* _Work to complete_: Apart from the pictures, every record here must be copied word for word.

......

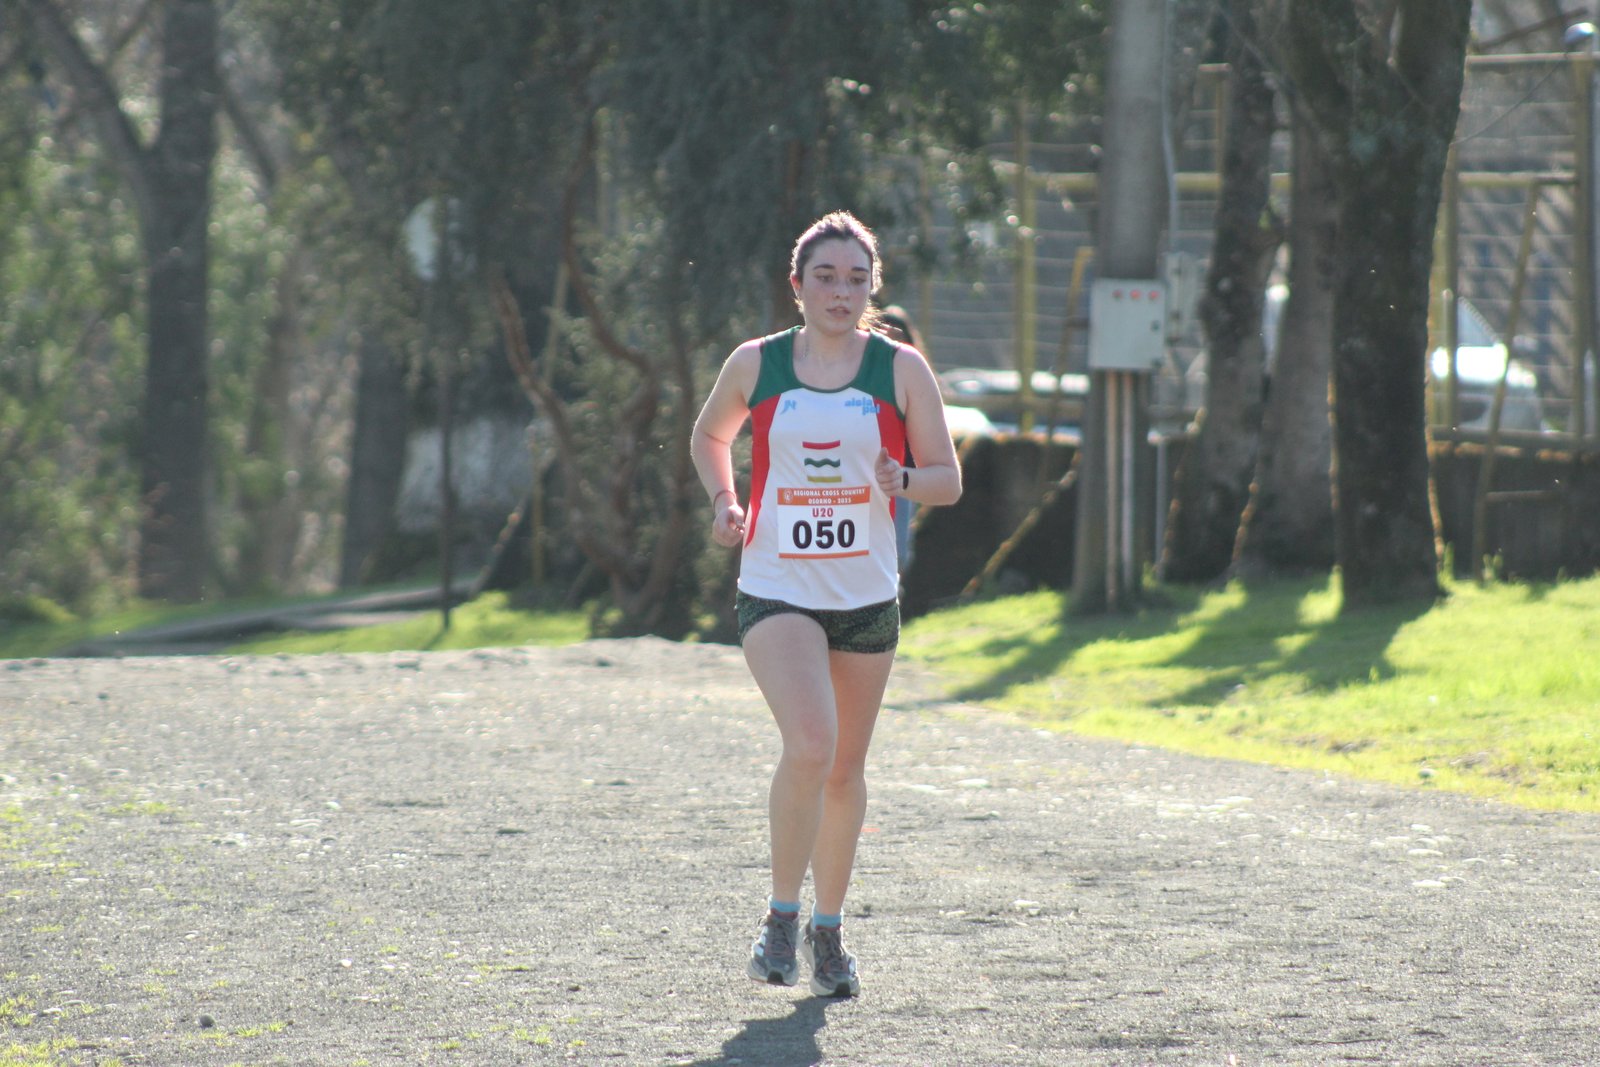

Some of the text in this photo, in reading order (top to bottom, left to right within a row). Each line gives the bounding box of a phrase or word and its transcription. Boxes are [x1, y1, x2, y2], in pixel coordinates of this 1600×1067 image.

[793, 487, 865, 497] REGIONAL CROSS COUNTRY
[808, 498, 832, 506] OSORNO
[812, 507, 834, 518] U20
[793, 519, 855, 549] 050
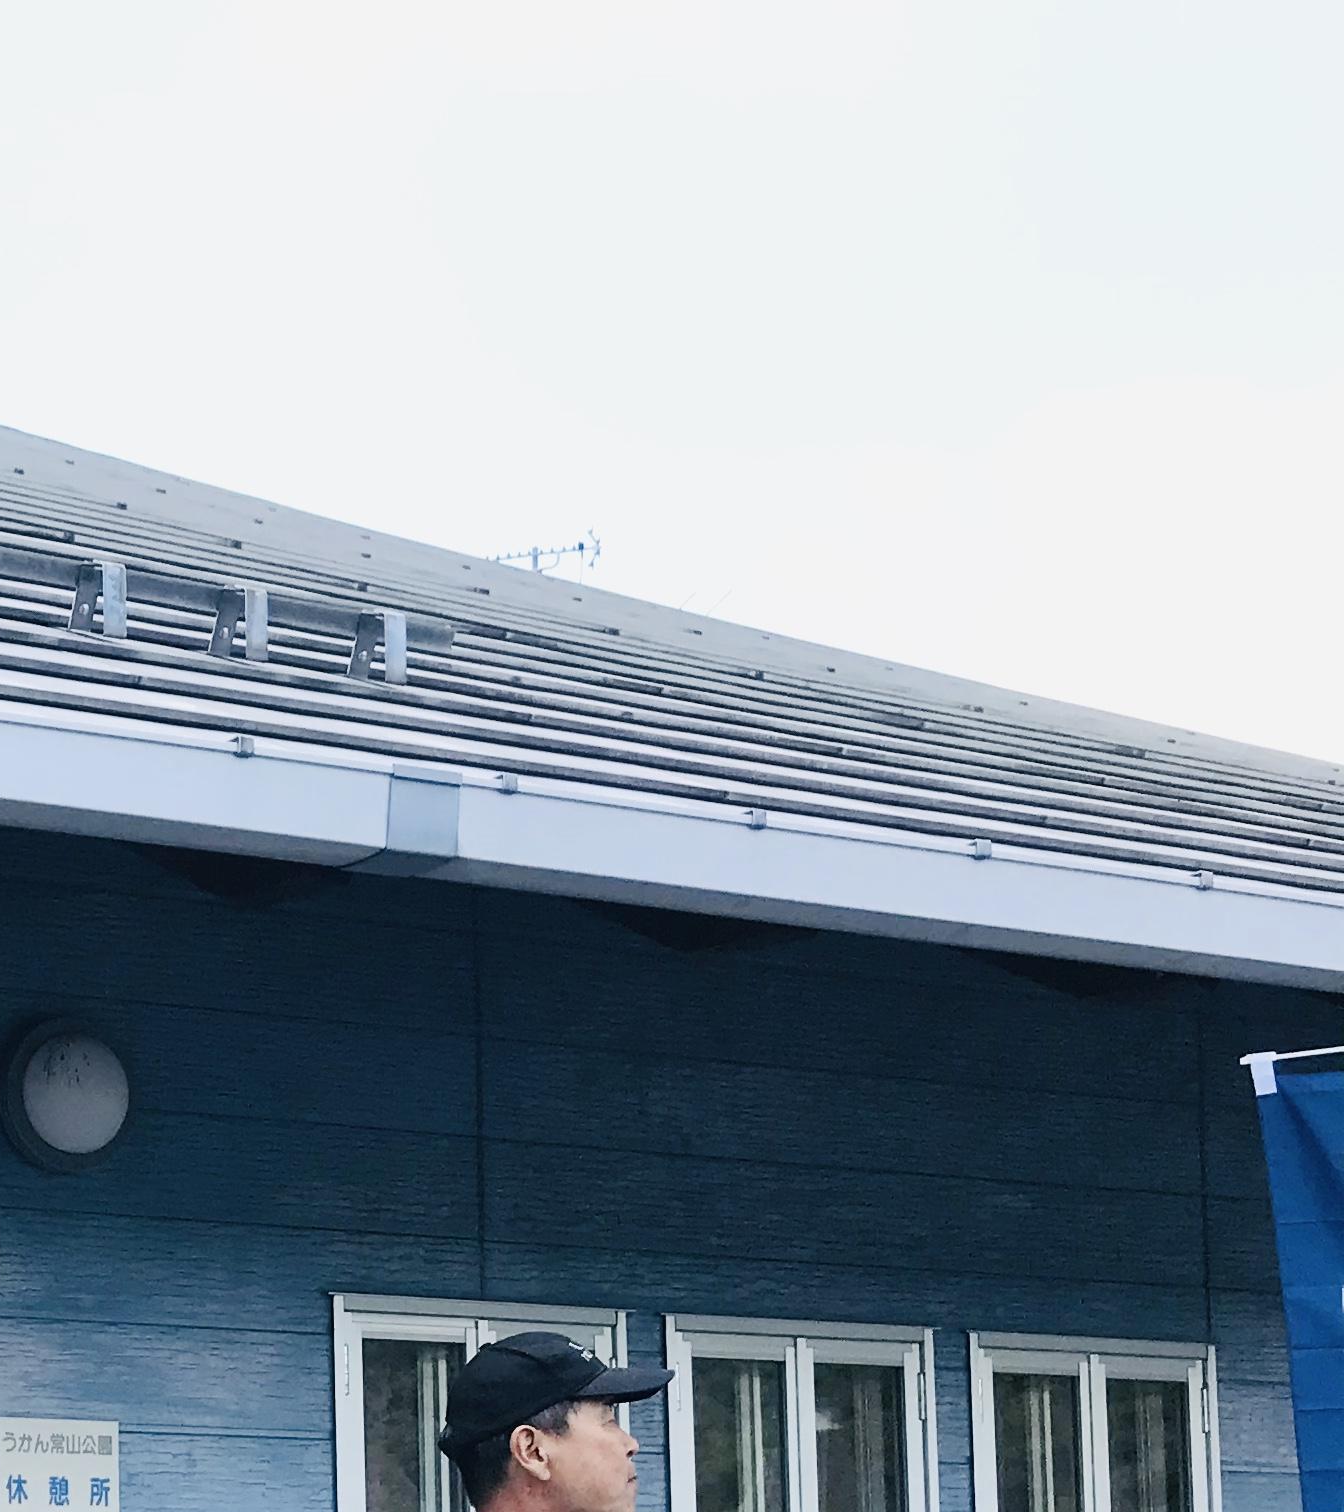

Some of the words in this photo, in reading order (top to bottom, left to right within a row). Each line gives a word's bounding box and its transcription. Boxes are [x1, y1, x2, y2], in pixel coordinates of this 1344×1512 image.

[1, 1431, 113, 1455] うかん常山公園
[5, 1473, 111, 1507] 休憩所
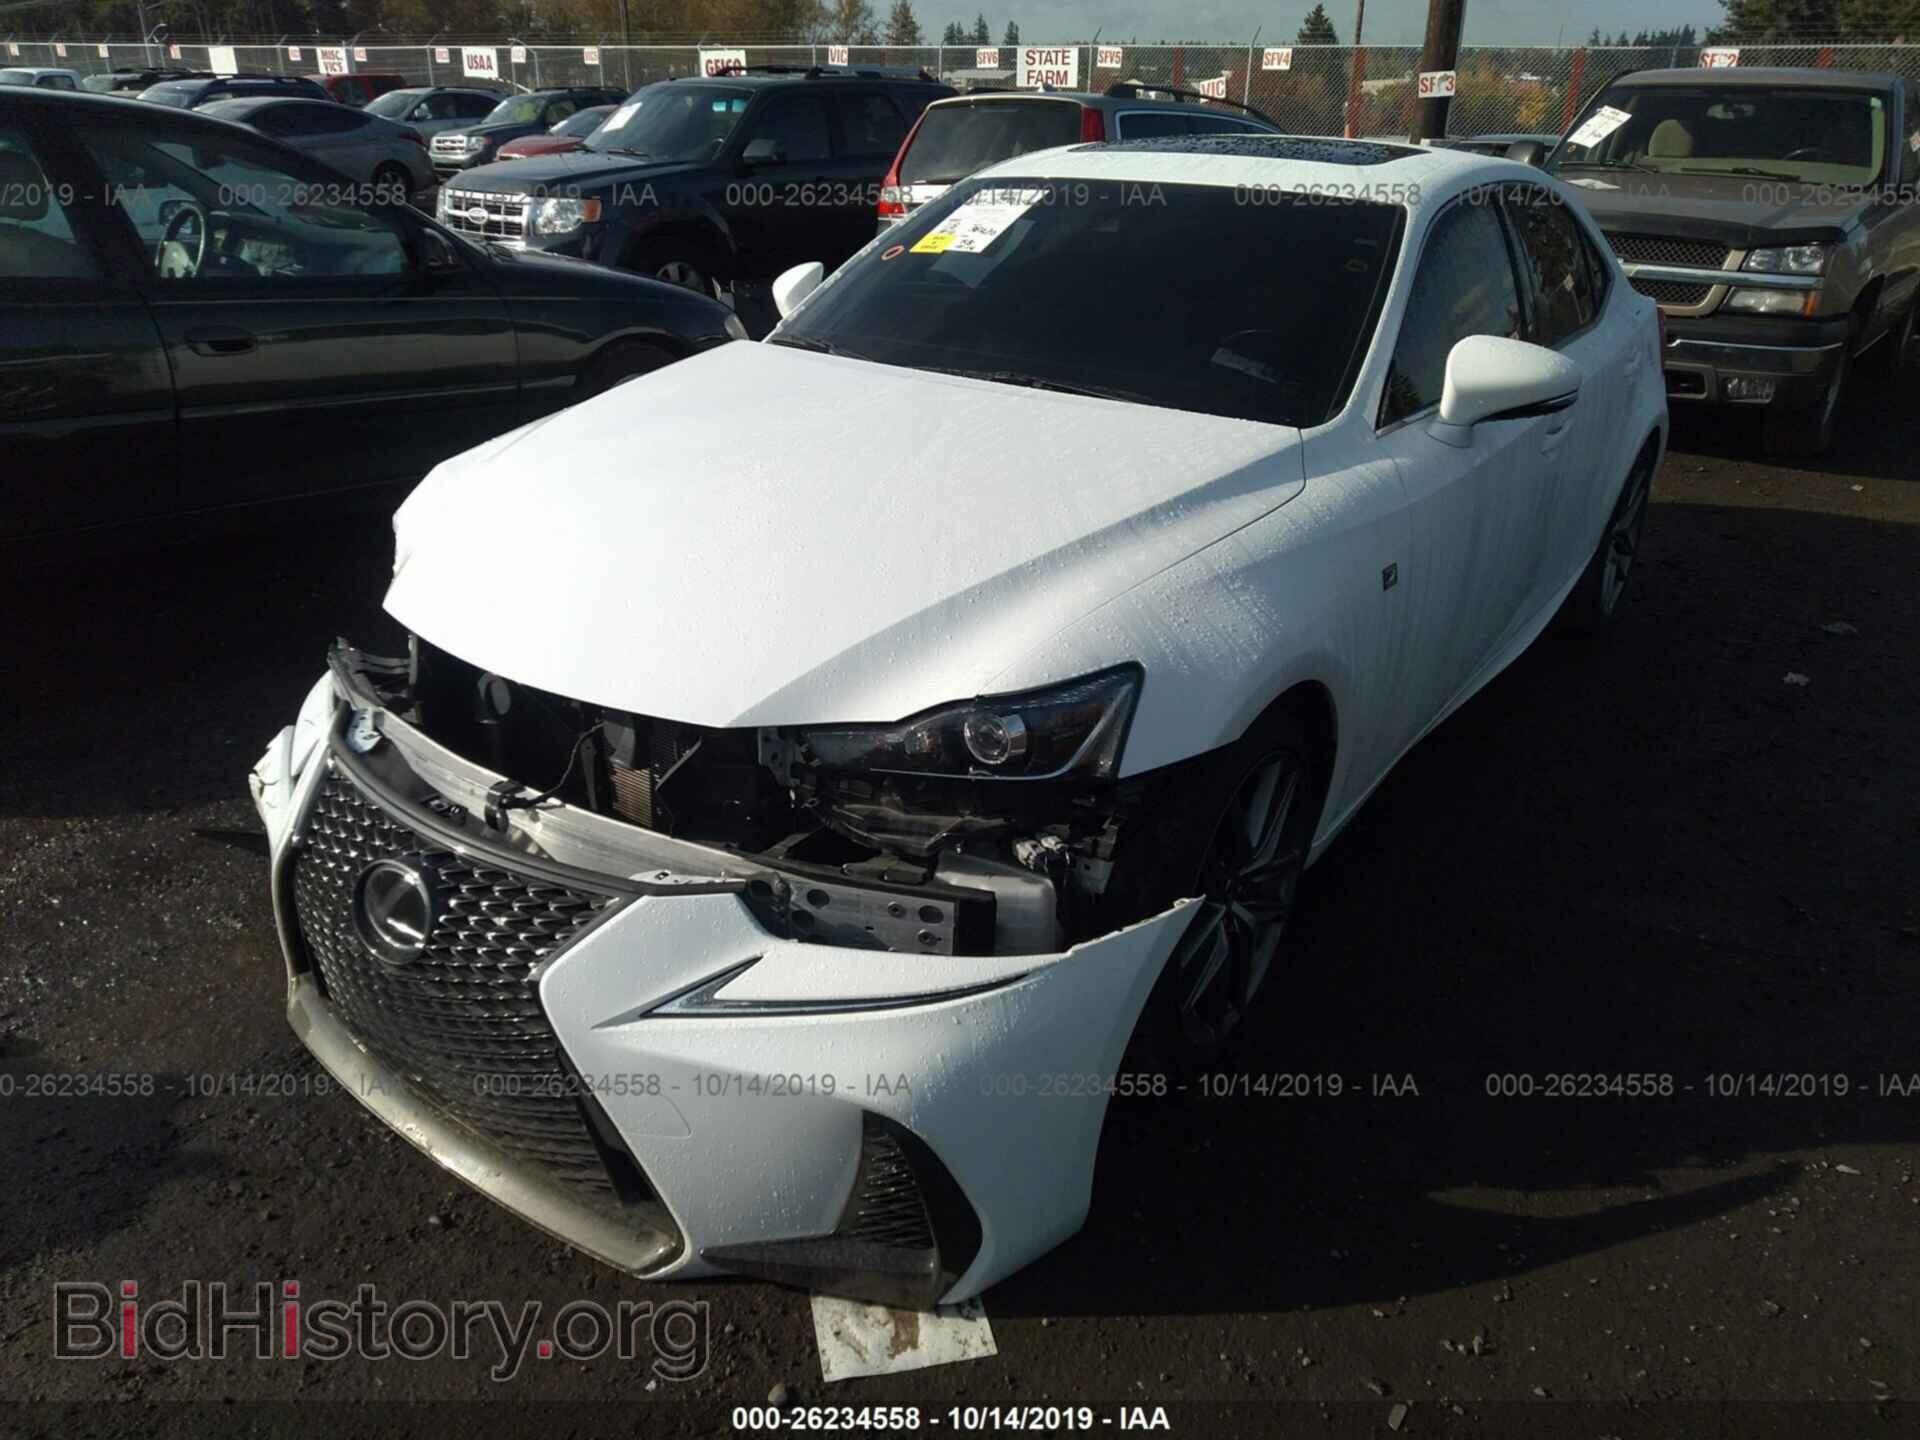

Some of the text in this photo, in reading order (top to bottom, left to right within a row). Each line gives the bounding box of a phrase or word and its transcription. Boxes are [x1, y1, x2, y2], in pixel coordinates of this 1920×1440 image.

[466, 54, 493, 70] USAA
[976, 51, 998, 64] SFV6
[1025, 50, 1071, 65] STATE
[1099, 51, 1121, 64] SFV5
[1263, 51, 1290, 66] SFV4
[1026, 70, 1068, 85] FARM
[1420, 76, 1455, 93] SF3

......

* _Problem solution_:
Some of the text in this photo, in reading order (top to bottom, left to right within a row). Each line gives the bounding box of a phrase or word and its transcription. Boxes are [x1, y1, x2, y2], in pixel coordinates of this 1600×1067 image.

[793, 487, 865, 497] REGIONAL CROSS COUNTRY
[808, 498, 832, 506] OSORNO
[812, 507, 834, 518] U20
[793, 519, 855, 549] 050

Some of the words in this photo, in reading order (top to bottom, left to right within a row). Each line gives a word's bounding box and its transcription. Boxes are [x1, y1, x2, y2], in pixel coordinates of this 1344×1512 image.

[1, 1431, 113, 1455] うかん常山公園
[5, 1473, 111, 1507] 休憩所

Some of the text in this photo, in reading order (top to bottom, left to right within a row). Each line gives the bounding box of a phrase or word and its transcription. Boxes are [x1, y1, x2, y2], in pixel coordinates of this 1920×1440 image.

[466, 54, 493, 70] USAA
[976, 51, 998, 64] SFV6
[1025, 50, 1071, 65] STATE
[1099, 51, 1121, 64] SFV5
[1263, 51, 1290, 66] SFV4
[1026, 70, 1068, 85] FARM
[1420, 76, 1455, 93] SF3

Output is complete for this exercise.